Senator Hanson said she regretted pulling out of a deal with the Government, but it had failed to deliver on a string of her demands, including reducing the immigration rate, building a coal-fired power plant in north Queensland and lowering spending.

She said she had not spoken to Finance Minister Mathias Cormann directly about her new position.

“I know he is devastated over this, but it is not Minister Cormann, it is his colleagues and the Government that have let him down,” Senator Hanson said.

Senator Cormann is pessimistic that the Government will ever reach a deal with One Nation on cutting the company tax rate.

“It looks that we might not ever get to that point,” Senator Cormann said.

Senator Hanson struck a deal with the Coalition in March to support the tax cuts in exchange for an apprenticeship pilot program for young Australians.

But the One Nation leader — who controls three votes in the Senate — says no money has been put aside for the program.

Will company tax changes pass the Senate?
76 senators are expected to vote on this bill. 39 votes are required to pass this bill. 38 votes are required to block this bill.

There appears to be a major dispute between Senator Hanson and the Government over the timing of what was agreed.

While Senator Hanson said no money had been set aside, Senator Cormann said the apprenticeship scheme was always conditional on the tax cuts passing.

“It was always understood and accepted by Pauline Hanson and One Nation that the things we agreed were conditional on the successful passage of the legislation in full, to reduce the business tax rate over time for all businesses down to 25 per cent and that remains the Government’s position,” Senator Cormann said.
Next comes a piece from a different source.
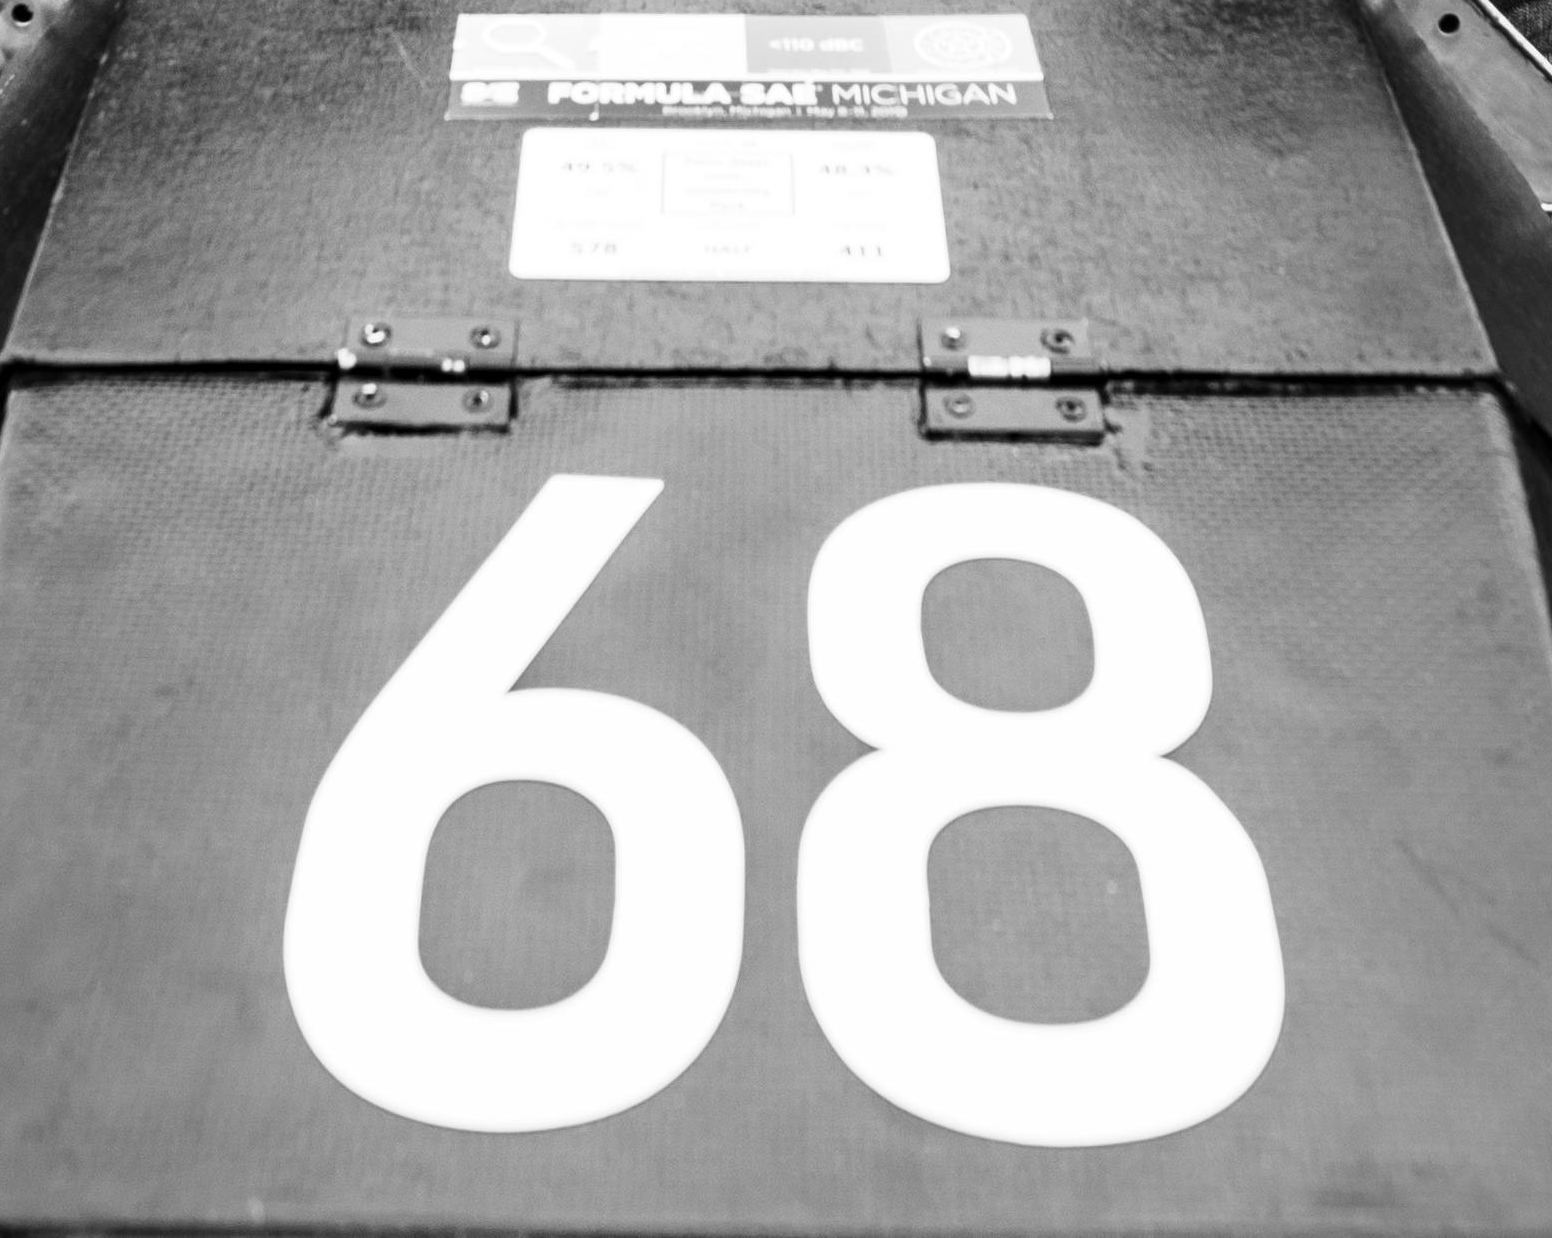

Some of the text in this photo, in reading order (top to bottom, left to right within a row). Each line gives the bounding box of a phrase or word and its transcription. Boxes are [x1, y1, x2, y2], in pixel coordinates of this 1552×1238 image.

[547, 82, 731, 105] FORMULA
[831, 82, 1017, 105] MICHIGAN
[283, 474, 1286, 1148] 68
He said One Nation had given firm private and public commitments that they would support the company tax cuts legislation when they negotiated earlier this year.

“I am obviously very disappointed with this latest development, but self-evidently I hope this is not the last word,” Senator Cormann said.

One Nation’s latest position makes it even harder for the Government to get the company tax cuts through Parliament before the next election

Senator Cormann told a Senate estimates committee the Government was committed to taking the company tax cut to the next election.

“Yes and I can explain why because it is even more important now than it was when we took it to the 2016 election,” he said.

Hanson wants lower immigration in exchange for support
Senator Hanson now says the Federal Government has not done enough to reduce debt, and the company tax cuts would not create enough jobs in the short term.

She is also listing other major changes she wants the Government to make.

In an interview with The Australian, Senator Hanson reiterated her party’s support for changing the petroleum resource rent tax, to make large companies pay more tax.

Senator Hanson’s change of mind presents a headache for the Federal Government, which has failed to convince enough crossbench to support the change.

It wanted to pass the legislation before the budget but was forced to defer debate with new independent senator Tim Storer unconvinced.

The two Centre Alliance senators (formerly the Nick Xenophon Team) are also unprepared to back the company tax cuts now.

CA senator Stirling Griff said the evidence so far “certainly would indicate to us that it’s not really the right time to have tax cuts or corporate tax cuts”.